Given entries:
################

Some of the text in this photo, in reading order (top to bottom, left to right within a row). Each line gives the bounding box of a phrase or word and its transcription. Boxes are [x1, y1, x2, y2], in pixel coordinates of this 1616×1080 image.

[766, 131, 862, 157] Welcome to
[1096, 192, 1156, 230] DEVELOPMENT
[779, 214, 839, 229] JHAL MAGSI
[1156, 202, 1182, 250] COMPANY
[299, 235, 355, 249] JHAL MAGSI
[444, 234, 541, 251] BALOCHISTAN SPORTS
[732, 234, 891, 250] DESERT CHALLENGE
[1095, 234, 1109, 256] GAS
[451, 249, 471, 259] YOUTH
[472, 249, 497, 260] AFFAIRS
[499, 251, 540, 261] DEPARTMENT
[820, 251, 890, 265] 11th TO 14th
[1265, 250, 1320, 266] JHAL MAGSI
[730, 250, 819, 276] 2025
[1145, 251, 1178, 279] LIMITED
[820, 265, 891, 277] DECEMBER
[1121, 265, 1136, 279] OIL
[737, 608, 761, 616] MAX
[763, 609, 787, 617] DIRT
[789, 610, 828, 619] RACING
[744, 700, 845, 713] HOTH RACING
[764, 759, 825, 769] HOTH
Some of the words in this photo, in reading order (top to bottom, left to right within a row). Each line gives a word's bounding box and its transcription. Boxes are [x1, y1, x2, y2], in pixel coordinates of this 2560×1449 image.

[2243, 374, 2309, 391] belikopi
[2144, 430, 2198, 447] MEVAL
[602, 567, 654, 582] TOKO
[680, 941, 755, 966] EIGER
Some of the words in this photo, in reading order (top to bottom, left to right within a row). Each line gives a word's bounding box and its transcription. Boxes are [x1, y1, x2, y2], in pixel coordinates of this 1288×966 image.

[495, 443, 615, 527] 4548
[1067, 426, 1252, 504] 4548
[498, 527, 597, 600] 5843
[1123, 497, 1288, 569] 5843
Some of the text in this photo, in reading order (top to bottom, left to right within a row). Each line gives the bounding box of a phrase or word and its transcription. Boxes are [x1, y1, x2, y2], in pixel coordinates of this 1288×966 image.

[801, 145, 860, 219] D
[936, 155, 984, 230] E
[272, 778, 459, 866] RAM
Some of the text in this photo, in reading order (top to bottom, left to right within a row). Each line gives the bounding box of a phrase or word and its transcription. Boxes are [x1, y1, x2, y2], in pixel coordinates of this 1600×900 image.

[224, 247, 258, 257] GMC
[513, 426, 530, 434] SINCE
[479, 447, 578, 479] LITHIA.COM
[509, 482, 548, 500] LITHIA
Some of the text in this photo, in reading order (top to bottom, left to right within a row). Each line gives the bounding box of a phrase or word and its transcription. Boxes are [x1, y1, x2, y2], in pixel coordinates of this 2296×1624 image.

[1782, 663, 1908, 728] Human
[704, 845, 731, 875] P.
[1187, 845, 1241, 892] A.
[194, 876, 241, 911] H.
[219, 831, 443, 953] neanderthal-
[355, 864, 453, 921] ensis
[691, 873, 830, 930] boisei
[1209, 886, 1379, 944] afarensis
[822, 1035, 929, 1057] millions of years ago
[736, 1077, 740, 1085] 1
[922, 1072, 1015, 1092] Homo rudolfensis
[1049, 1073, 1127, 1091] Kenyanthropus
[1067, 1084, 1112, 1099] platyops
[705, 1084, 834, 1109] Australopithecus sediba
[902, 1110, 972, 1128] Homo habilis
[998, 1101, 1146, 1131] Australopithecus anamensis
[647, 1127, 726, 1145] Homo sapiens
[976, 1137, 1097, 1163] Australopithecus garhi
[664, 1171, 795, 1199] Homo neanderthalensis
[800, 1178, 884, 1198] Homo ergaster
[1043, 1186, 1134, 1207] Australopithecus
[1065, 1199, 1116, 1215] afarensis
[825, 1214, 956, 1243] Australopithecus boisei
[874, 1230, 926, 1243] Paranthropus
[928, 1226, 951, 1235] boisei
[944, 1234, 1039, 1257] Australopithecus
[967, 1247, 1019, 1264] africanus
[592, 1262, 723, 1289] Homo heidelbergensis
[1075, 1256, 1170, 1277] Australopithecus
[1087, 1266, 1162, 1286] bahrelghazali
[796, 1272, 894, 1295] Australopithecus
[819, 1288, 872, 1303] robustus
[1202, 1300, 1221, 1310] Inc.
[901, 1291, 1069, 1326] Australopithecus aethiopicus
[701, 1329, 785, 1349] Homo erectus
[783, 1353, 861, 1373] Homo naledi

################

Exercise description:
All of the lines above must be returned exactly.

Solution to this exercise:
Some of the text in this photo, in reading order (top to bottom, left to right within a row). Each line gives the bounding box of a phrase or word and its transcription. Boxes are [x1, y1, x2, y2], in pixel coordinates of this 1616×1080 image.

[766, 131, 862, 157] Welcome to
[1096, 192, 1156, 230] DEVELOPMENT
[779, 214, 839, 229] JHAL MAGSI
[1156, 202, 1182, 250] COMPANY
[299, 235, 355, 249] JHAL MAGSI
[444, 234, 541, 251] BALOCHISTAN SPORTS
[732, 234, 891, 250] DESERT CHALLENGE
[1095, 234, 1109, 256] GAS
[451, 249, 471, 259] YOUTH
[472, 249, 497, 260] AFFAIRS
[499, 251, 540, 261] DEPARTMENT
[820, 251, 890, 265] 11th TO 14th
[1265, 250, 1320, 266] JHAL MAGSI
[730, 250, 819, 276] 2025
[1145, 251, 1178, 279] LIMITED
[820, 265, 891, 277] DECEMBER
[1121, 265, 1136, 279] OIL
[737, 608, 761, 616] MAX
[763, 609, 787, 617] DIRT
[789, 610, 828, 619] RACING
[744, 700, 845, 713] HOTH RACING
[764, 759, 825, 769] HOTH
Some of the words in this photo, in reading order (top to bottom, left to right within a row). Each line gives a word's bounding box and its transcription. Boxes are [x1, y1, x2, y2], in pixel coordinates of this 2560×1449 image.

[2243, 374, 2309, 391] belikopi
[2144, 430, 2198, 447] MEVAL
[602, 567, 654, 582] TOKO
[680, 941, 755, 966] EIGER
Some of the words in this photo, in reading order (top to bottom, left to right within a row). Each line gives a word's bounding box and its transcription. Boxes are [x1, y1, x2, y2], in pixel coordinates of this 1288×966 image.

[495, 443, 615, 527] 4548
[1067, 426, 1252, 504] 4548
[498, 527, 597, 600] 5843
[1123, 497, 1288, 569] 5843
Some of the text in this photo, in reading order (top to bottom, left to right within a row). Each line gives the bounding box of a phrase or word and its transcription. Boxes are [x1, y1, x2, y2], in pixel coordinates of this 1288×966 image.

[801, 145, 860, 219] D
[936, 155, 984, 230] E
[272, 778, 459, 866] RAM
Some of the text in this photo, in reading order (top to bottom, left to right within a row). Each line gives the bounding box of a phrase or word and its transcription. Boxes are [x1, y1, x2, y2], in pixel coordinates of this 1600×900 image.

[224, 247, 258, 257] GMC
[513, 426, 530, 434] SINCE
[479, 447, 578, 479] LITHIA.COM
[509, 482, 548, 500] LITHIA
Some of the text in this photo, in reading order (top to bottom, left to right within a row). Each line gives the bounding box of a phrase or word and its transcription. Boxes are [x1, y1, x2, y2], in pixel coordinates of this 2296×1624 image.

[1782, 663, 1908, 728] Human
[704, 845, 731, 875] P.
[1187, 845, 1241, 892] A.
[194, 876, 241, 911] H.
[219, 831, 443, 953] neanderthal-
[355, 864, 453, 921] ensis
[691, 873, 830, 930] boisei
[1209, 886, 1379, 944] afarensis
[822, 1035, 929, 1057] millions of years ago
[736, 1077, 740, 1085] 1
[922, 1072, 1015, 1092] Homo rudolfensis
[1049, 1073, 1127, 1091] Kenyanthropus
[1067, 1084, 1112, 1099] platyops
[705, 1084, 834, 1109] Australopithecus sediba
[902, 1110, 972, 1128] Homo habilis
[998, 1101, 1146, 1131] Australopithecus anamensis
[647, 1127, 726, 1145] Homo sapiens
[976, 1137, 1097, 1163] Australopithecus garhi
[664, 1171, 795, 1199] Homo neanderthalensis
[800, 1178, 884, 1198] Homo ergaster
[1043, 1186, 1134, 1207] Australopithecus
[1065, 1199, 1116, 1215] afarensis
[825, 1214, 956, 1243] Australopithecus boisei
[874, 1230, 926, 1243] Paranthropus
[928, 1226, 951, 1235] boisei
[944, 1234, 1039, 1257] Australopithecus
[967, 1247, 1019, 1264] africanus
[592, 1262, 723, 1289] Homo heidelbergensis
[1075, 1256, 1170, 1277] Australopithecus
[1087, 1266, 1162, 1286] bahrelghazali
[796, 1272, 894, 1295] Australopithecus
[819, 1288, 872, 1303] robustus
[1202, 1300, 1221, 1310] Inc.
[901, 1291, 1069, 1326] Australopithecus aethiopicus
[701, 1329, 785, 1349] Homo erectus
[783, 1353, 861, 1373] Homo naledi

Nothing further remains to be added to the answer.